YOUR OBJECTIVE
Although the records contain pictures, the copy must not; reproduce everything else in them exactly.

◇ ◇ ◇ ◇ ◇

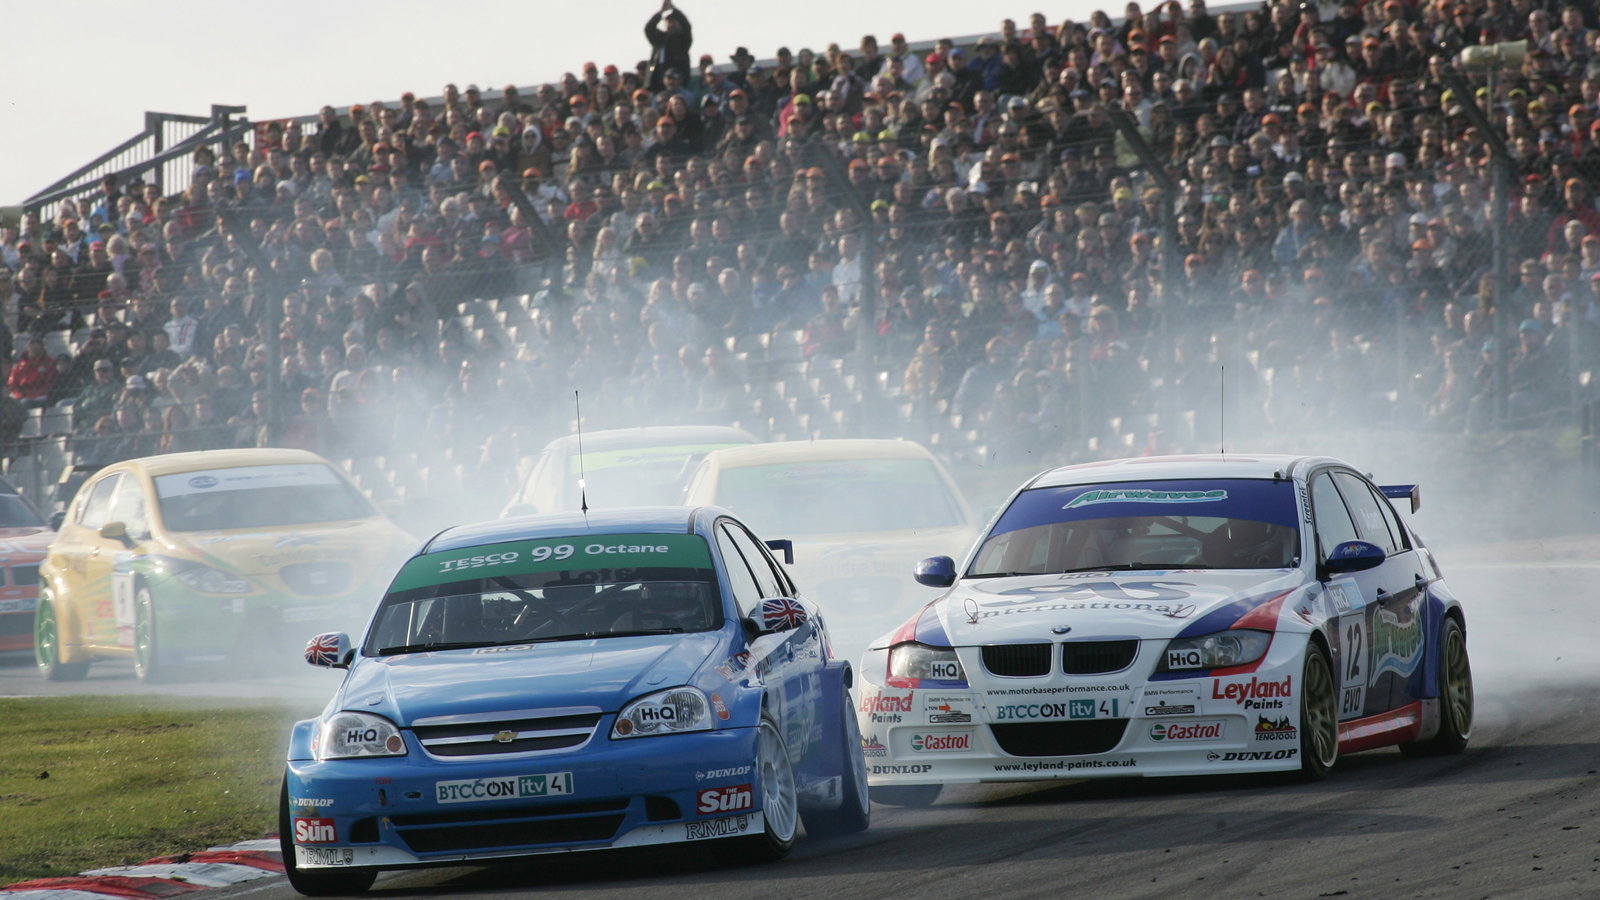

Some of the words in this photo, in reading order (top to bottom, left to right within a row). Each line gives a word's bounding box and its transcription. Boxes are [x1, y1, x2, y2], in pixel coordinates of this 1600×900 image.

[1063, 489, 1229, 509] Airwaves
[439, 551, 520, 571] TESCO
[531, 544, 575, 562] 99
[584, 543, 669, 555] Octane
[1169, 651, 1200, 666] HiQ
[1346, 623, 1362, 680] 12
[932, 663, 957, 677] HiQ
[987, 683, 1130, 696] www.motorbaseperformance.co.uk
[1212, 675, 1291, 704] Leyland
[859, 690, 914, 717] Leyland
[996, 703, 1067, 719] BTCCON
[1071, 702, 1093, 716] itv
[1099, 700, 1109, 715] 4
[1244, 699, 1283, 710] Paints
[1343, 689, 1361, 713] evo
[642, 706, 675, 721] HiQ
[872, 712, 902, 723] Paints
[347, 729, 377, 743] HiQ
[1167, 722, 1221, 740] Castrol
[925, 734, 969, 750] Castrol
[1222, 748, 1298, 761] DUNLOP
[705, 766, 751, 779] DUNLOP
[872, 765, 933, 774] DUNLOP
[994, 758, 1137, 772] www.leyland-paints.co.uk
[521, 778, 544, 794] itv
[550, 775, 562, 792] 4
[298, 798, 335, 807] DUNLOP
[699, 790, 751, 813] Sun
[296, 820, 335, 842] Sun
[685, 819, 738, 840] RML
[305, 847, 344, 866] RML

◇ ◇ ◇ ◇ ◇

RESPONSE TO THE TASK
Some of the words in this photo, in reading order (top to bottom, left to right within a row). Each line gives a word's bounding box and its transcription. Boxes are [x1, y1, x2, y2], in pixel coordinates of this 1600×900 image.

[1063, 489, 1229, 509] Airwaves
[439, 551, 520, 571] TESCO
[531, 544, 575, 562] 99
[584, 543, 669, 555] Octane
[1169, 651, 1200, 666] HiQ
[1346, 623, 1362, 680] 12
[932, 663, 957, 677] HiQ
[987, 683, 1130, 696] www.motorbaseperformance.co.uk
[1212, 675, 1291, 704] Leyland
[859, 690, 914, 717] Leyland
[996, 703, 1067, 719] BTCCON
[1071, 702, 1093, 716] itv
[1099, 700, 1109, 715] 4
[1244, 699, 1283, 710] Paints
[1343, 689, 1361, 713] evo
[642, 706, 675, 721] HiQ
[872, 712, 902, 723] Paints
[347, 729, 377, 743] HiQ
[1167, 722, 1221, 740] Castrol
[925, 734, 969, 750] Castrol
[1222, 748, 1298, 761] DUNLOP
[705, 766, 751, 779] DUNLOP
[872, 765, 933, 774] DUNLOP
[994, 758, 1137, 772] www.leyland-paints.co.uk
[521, 778, 544, 794] itv
[550, 775, 562, 792] 4
[298, 798, 335, 807] DUNLOP
[699, 790, 751, 813] Sun
[296, 820, 335, 842] Sun
[685, 819, 738, 840] RML
[305, 847, 344, 866] RML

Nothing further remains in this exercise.